Dominant-negative PSMB10 disrupts immunoproteasome assembly and leads to transient T lymphopenia.

Immunoproteasomes are specialized multiprotein proteases that degrade intracellular proteins. Their products serve as peptides for human leukocyte antigen class I presentation playing a key role in antiviral defense and self-tolerance. Monoallelic variants in immunoproteasome genes including proteasome subunit β type 10 have recently been associated with autoinflammatory diseases and severe combined immune deficiency. Their pathophysiological consequences remain poorly understood, and treatment options are scarce. We identified a newborn with severe T lymphopenia and a de novo dominant-negative PSMB10 p.G209R mutation after pathological T cell receptor excision circle newborn screening. We further applied molecular modeling, proteomics, transcriptomics, and ex vivo T lymphopoiesis.

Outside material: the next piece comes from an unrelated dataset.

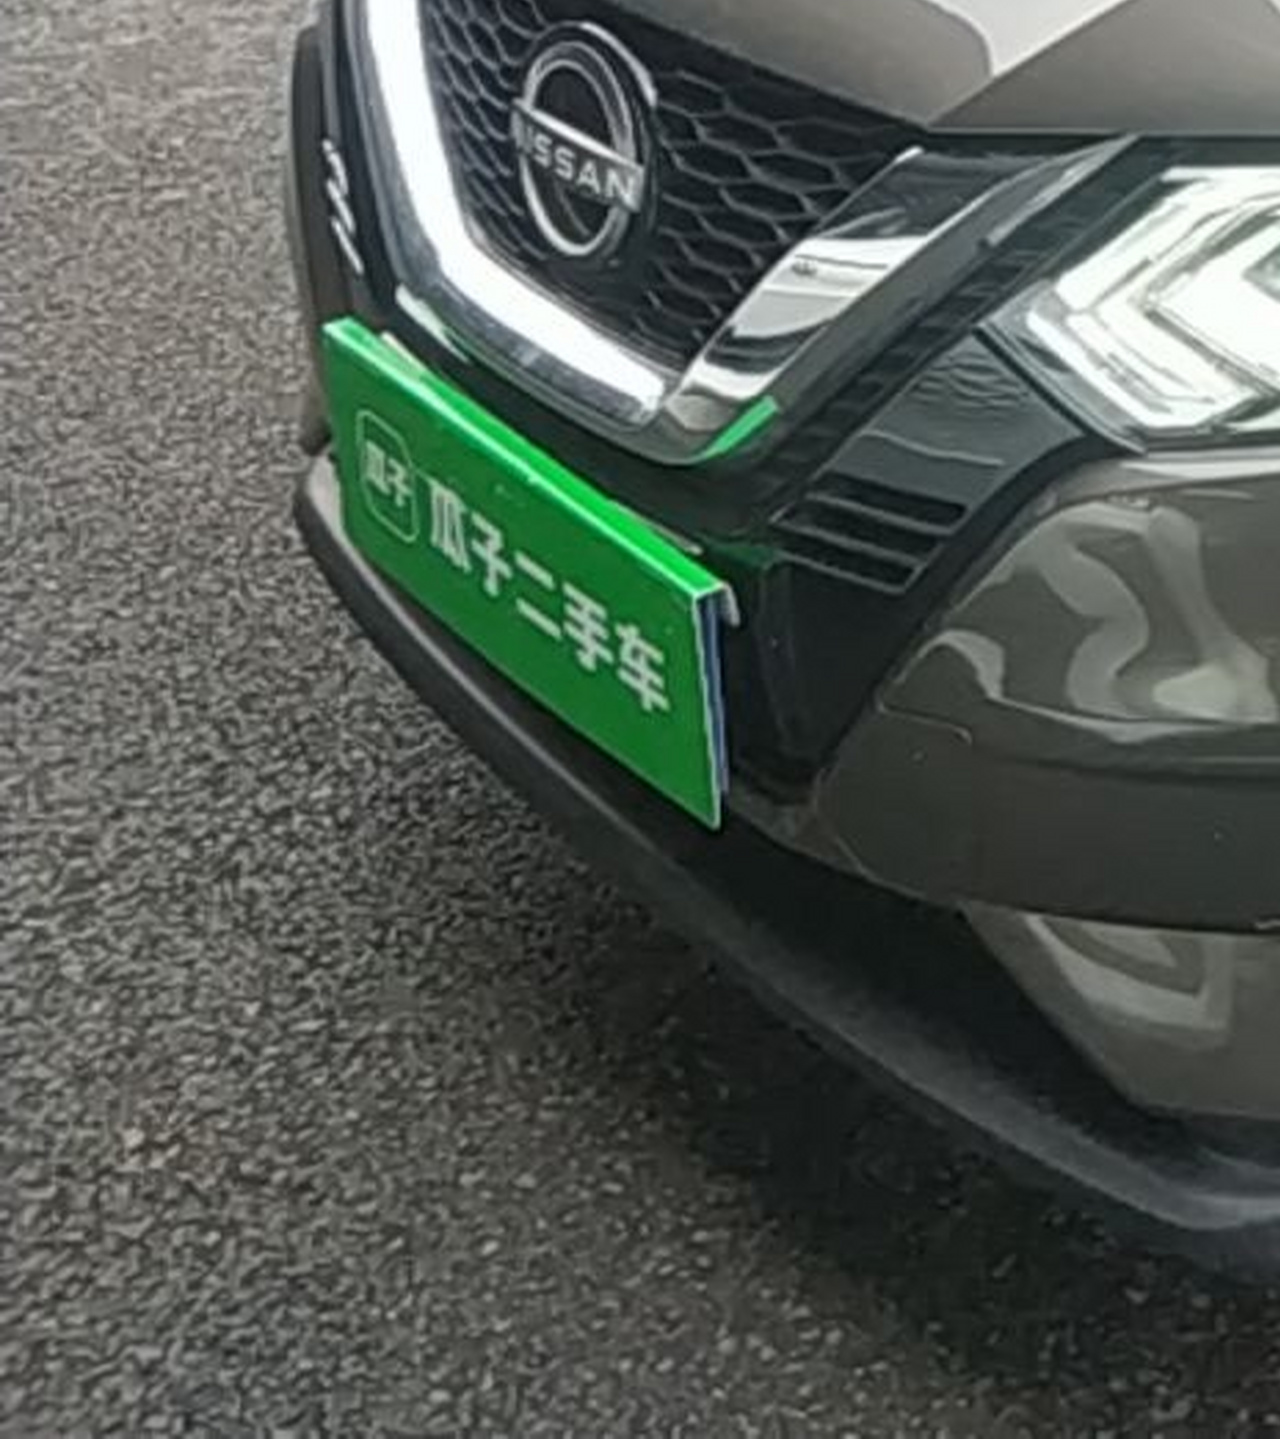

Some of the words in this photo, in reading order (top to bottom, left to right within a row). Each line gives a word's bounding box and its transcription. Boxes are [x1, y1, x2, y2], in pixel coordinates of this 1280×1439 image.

Simulations predicted, and biochemical studies confirmed, impaired immunoproteasome assembly and function leading to defective viral sensing and antigen presentation signatures in interferon-treated fibroblasts. Despite this, hematopoietic stem cells differentiated into T cells ex vivo, and the patient developed normal naïve T cell counts and a diverse T cell antigen receptor repertoire within the first year of life in contrast to all previously reported patients.